Chuck Brown

Quick Look:

Born: August 22, 1936

Died: May 16, 2012

It is tough to overstate the impact that Charles Louis Brown, aka Chuck Brown, had on the world of music. As “The Godfather of Go-Go,” Brown helped to usher in one of the most beloved, danceable versions of R&B – a sound that has remained vital for a half century.

Born in North Carolina, Chuck Brown moved to DC as a child. Though living in great poverty, Brown showed an interest and aptitude for music. But without the opportunity to progress as a musician, he became a young man of the streets, ultimately serving eight years in prison for killing another man.

Brown considered his prison sentence a blessing, helping him mature and giving him the opportunity to learn to play the guitar. He was a natural, and after his release joined the DC band Los Latinos. The band’s use of syncopation and congas influenced Brown, and when he left to form his own band, The Soul Searchers, he brought those elements with him.

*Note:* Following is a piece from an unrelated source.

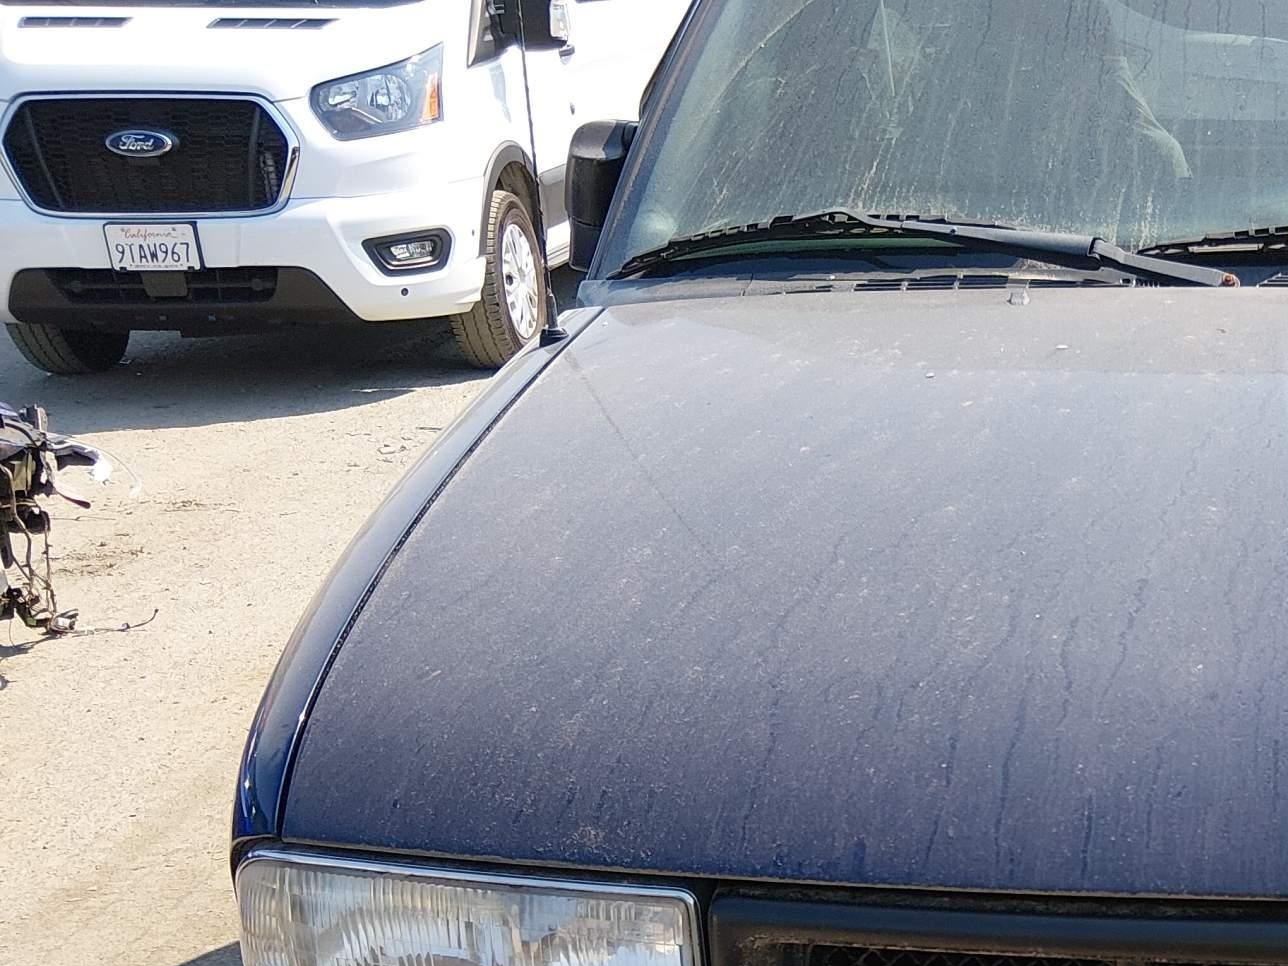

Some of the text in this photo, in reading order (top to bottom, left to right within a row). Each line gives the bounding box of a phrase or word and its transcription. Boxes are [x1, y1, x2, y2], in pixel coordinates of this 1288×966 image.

[119, 134, 155, 151] Ford
[123, 228, 178, 241] California
[115, 242, 190, 264] 9TAW967

Brown’s musical vision was a heavily syncopated dance music that used multiple percussion instruments and a call-and-response sound. He named it “Go-Go” and it took off in DC, becoming the sound of the city.

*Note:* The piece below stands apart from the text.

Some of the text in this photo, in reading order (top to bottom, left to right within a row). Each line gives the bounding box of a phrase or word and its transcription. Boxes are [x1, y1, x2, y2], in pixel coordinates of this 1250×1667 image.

With Brown’s local popularity rising, he signed a national record deal and landed a hit with “We The People” in 1972. He continue to record sporadically during that decade, still being known mostly as a regional live performer. But that ended in 1979, when the brilliant single “Bustin’ Loose” was issued. It became the seminal Go-Go song, and shot right to the top of the R&B charts.

The success of Chuck Brown and The Soul Searchers led to a generation of great Go-Go acts, including Trouble Funk, Rare Essence and EU. The popularity of the Go-Go genre hit its peak in 1987 with the concert and move “Go-Go Live.”

Brown continued to record and perform until his death in 2012, at age 75. But fortunately, by then he had received numerous honors, including the Lifetime Heritage Fellowship Award from the National Endowment for the Artists in 2005. After his death, the District of Columbia established “Chuck Brown Memorial Park” in Brown’s old Langdon neighborhood.